> Task objective
Every entry below must be copied exactly, with nothing left out.

> Listed records
________________________________________

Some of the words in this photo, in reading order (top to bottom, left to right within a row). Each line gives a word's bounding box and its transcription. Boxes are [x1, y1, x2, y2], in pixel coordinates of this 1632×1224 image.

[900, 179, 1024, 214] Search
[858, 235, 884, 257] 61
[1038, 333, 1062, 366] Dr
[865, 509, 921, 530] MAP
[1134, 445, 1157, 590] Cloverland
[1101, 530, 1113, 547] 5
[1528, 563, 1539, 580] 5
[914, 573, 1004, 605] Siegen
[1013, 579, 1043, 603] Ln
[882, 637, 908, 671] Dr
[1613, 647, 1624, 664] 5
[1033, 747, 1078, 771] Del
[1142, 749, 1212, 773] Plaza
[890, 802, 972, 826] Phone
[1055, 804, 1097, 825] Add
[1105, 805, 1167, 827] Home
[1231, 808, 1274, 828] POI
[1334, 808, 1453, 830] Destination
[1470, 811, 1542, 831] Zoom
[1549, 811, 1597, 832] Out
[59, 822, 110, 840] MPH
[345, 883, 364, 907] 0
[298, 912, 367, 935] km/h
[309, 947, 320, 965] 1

________________________________________

> Answer to this exercise
Some of the words in this photo, in reading order (top to bottom, left to right within a row). Each line gives a word's bounding box and its transcription. Boxes are [x1, y1, x2, y2], in pixel coordinates of this 1632×1224 image.

[900, 179, 1024, 214] Search
[858, 235, 884, 257] 61
[1038, 333, 1062, 366] Dr
[865, 509, 921, 530] MAP
[1134, 445, 1157, 590] Cloverland
[1101, 530, 1113, 547] 5
[1528, 563, 1539, 580] 5
[914, 573, 1004, 605] Siegen
[1013, 579, 1043, 603] Ln
[882, 637, 908, 671] Dr
[1613, 647, 1624, 664] 5
[1033, 747, 1078, 771] Del
[1142, 749, 1212, 773] Plaza
[890, 802, 972, 826] Phone
[1055, 804, 1097, 825] Add
[1105, 805, 1167, 827] Home
[1231, 808, 1274, 828] POI
[1334, 808, 1453, 830] Destination
[1470, 811, 1542, 831] Zoom
[1549, 811, 1597, 832] Out
[59, 822, 110, 840] MPH
[345, 883, 364, 907] 0
[298, 912, 367, 935] km/h
[309, 947, 320, 965] 1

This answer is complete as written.